Interpretive Summary: Campylobacter spp. are import foodborne pathogens frequently associated with raw poultry. To date there are no universally accepted methods for isolation of campylobacters from a wide range of sample types and optimization of recovery methodology is needed. For most Campylobacter selective enrichment methods, little concern has been given to the actual culture vessel used to hold the sample during the incubation period. The upper surface area of a culture medium that is exposed to the gaseous headspace in a container could be important to ensure adequate gas exchange when attempting to recover organisms such as Campylobacter which require a modified atmosphere (less oxygen and more carbon dioxide than room air normally contains) for growth. The purpose of this study was to determine if the type of culture vessel used during incubation of an enrichment medium would affect recovery of Campylobacter spp. from processed broiler rinse samples. Freshly processed broiler carcasses were rinsed and the rinses serially diluted. The diluted rinses were mixed with an equal volume of 2x Bolton enrichment broth (BEB; with or without blood) and placed in a variety of different container types for incubation and recovery of Campylobacter. Differences were observed in recovery of Campylobacter spp. from samples incubated in different vessels. BEB in vented tissue culture flasks recovered campylobacters from significantly more samples at higher dilutions than did BEB in resealable plastic bags (P<0.05) likely due to gas permeability of the bags and greater media surface area in the flasks. Blood-free BEB in vented tissue culture flasks was found to give an equivalent rate of Campylobacter recovery as BEB and is suggested for use in recovering Campylobacter from this sample type.

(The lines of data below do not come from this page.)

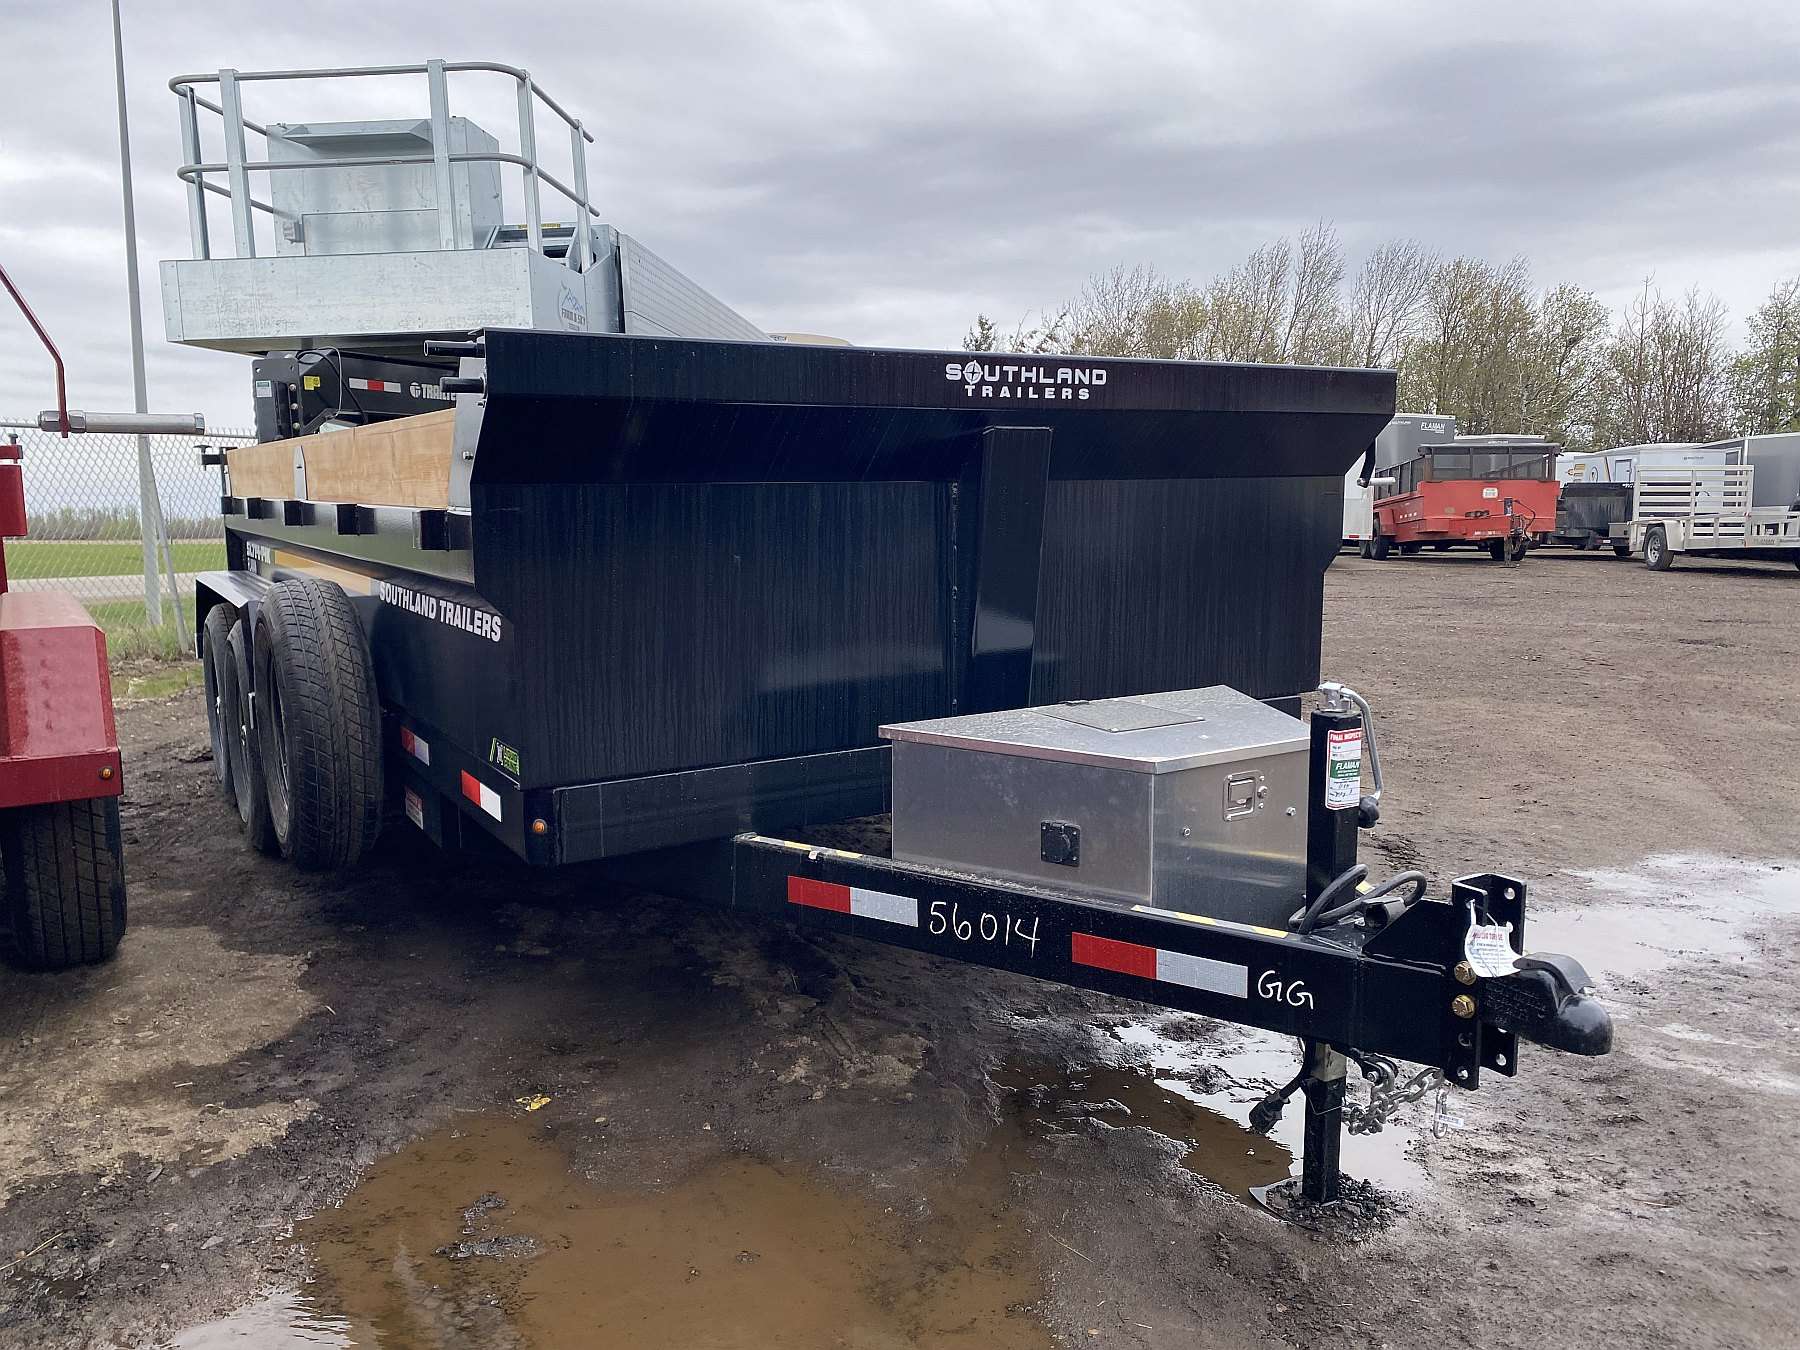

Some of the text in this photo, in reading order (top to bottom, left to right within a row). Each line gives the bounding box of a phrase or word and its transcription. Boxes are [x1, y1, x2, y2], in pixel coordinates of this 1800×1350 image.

[945, 360, 1107, 385] SOUTHLAND
[965, 384, 1090, 400] TRAILERS
[380, 580, 502, 643] SOUTHLAND TRAILERS
[928, 900, 1041, 958] 56014
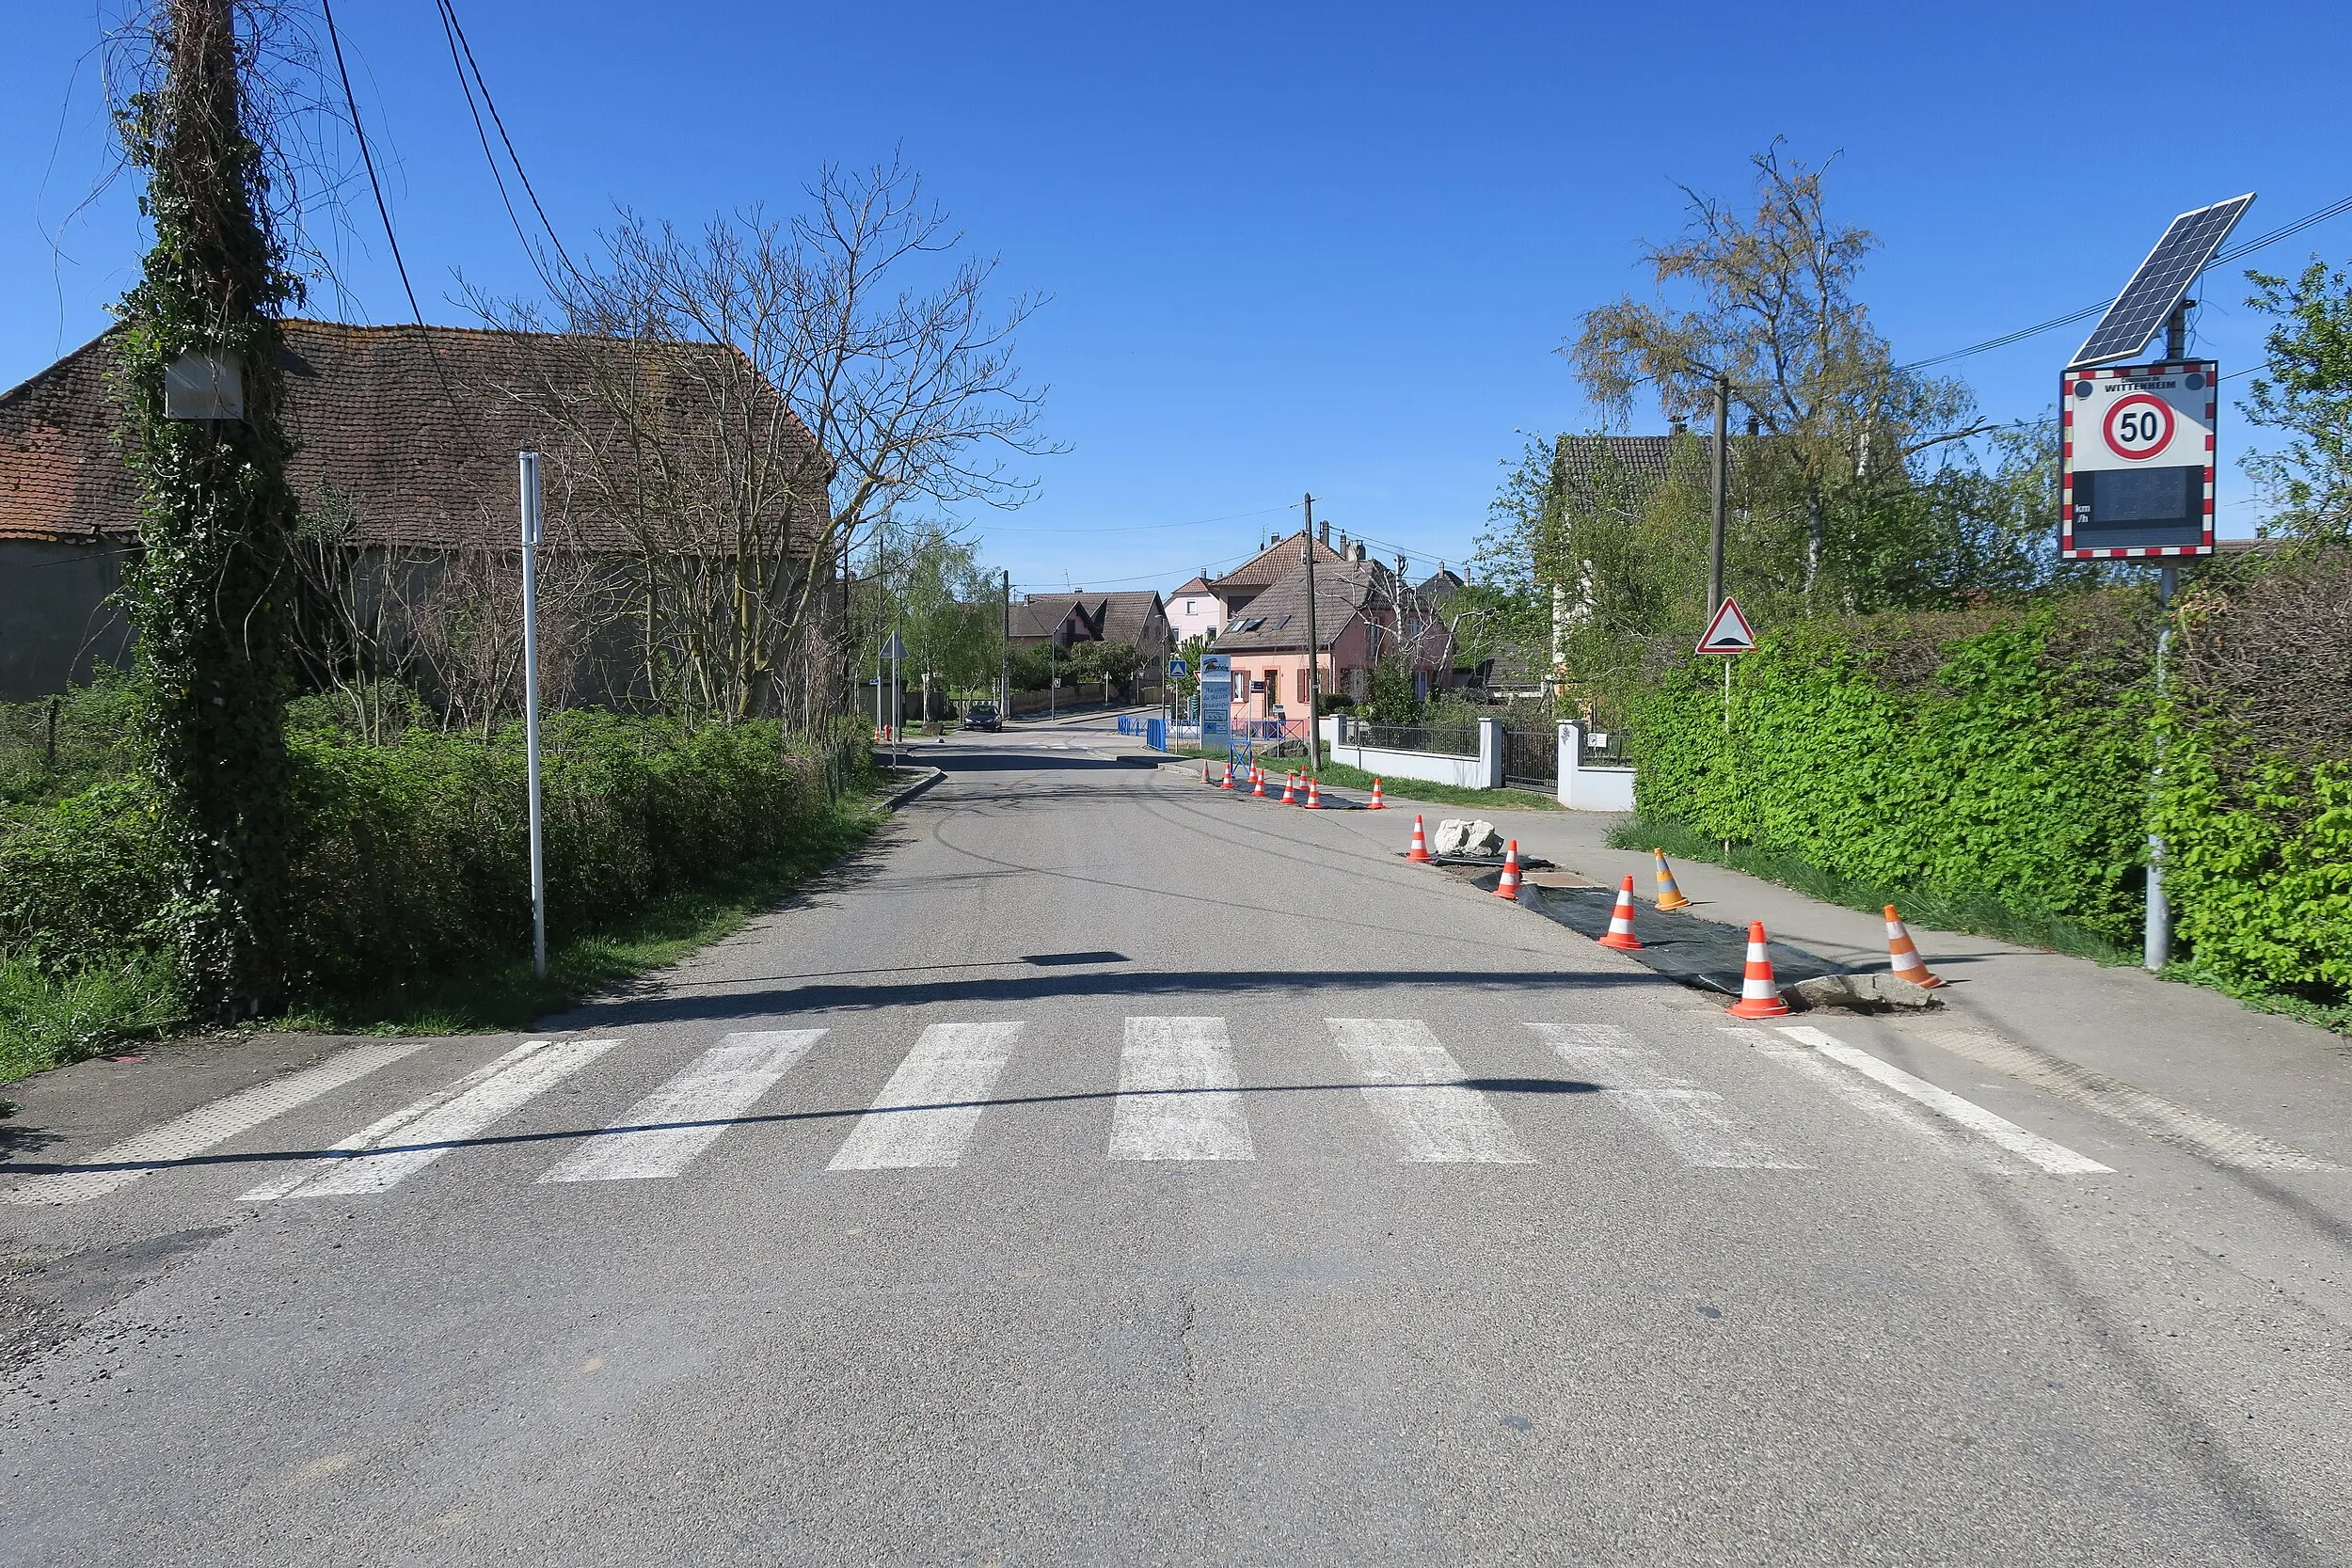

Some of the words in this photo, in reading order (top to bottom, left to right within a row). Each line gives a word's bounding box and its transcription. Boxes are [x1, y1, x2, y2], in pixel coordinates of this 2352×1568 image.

This information will be of use to scientists in academia, government and commercial analytical laboratories to improve recovery of campylobacters.

Technical Abstract: Campylobacter spp. are import foodborne pathogens frequently associated with raw poultry. To date there are no universally accepted methods for isolation of campylobacters from a wide range of sample types and optimization of recovery methodology is needed. For most Campylobacter selective enrichment methods, little concern has been given to the actual culture vessel utilized during the incubation period. The upper surface area of a culture medium that is exposed to the gaseous headspace in a container could be important for adequate gas exchange when attempting to recover organisms such as Campylobacter requiring a modified atmosphere for growth. The purpose of this study was to determine if the type of culture vessel used during incubation of an enrichment medium would affect recovery of Campylobacter spp. from processed broiler rinse samples. Freshly processed broiler carcasses were rinsed and the rinses serially diluted. The diluted rinses were mixed with an equal volume of 2x Bolton enrichment broth (BEB; with or without blood) and placed in a variety of different container types for incubation and recovery of Campylobacter. Differences were observed in recovery of Campylobacter spp. from samples incubated in different vessels. BEB in tissue culture flasks recovered campylobacter from significantly more samples at higher dilutions than did BEB in resealable plastic bags (P<0.05) likely due to gas permeability of the bags and greater media surface area in the flasks. Blood-free BEB in vented tissue culture flasks was found to give an equivalent rate of Campylobacter recovery as BEB for this sample type.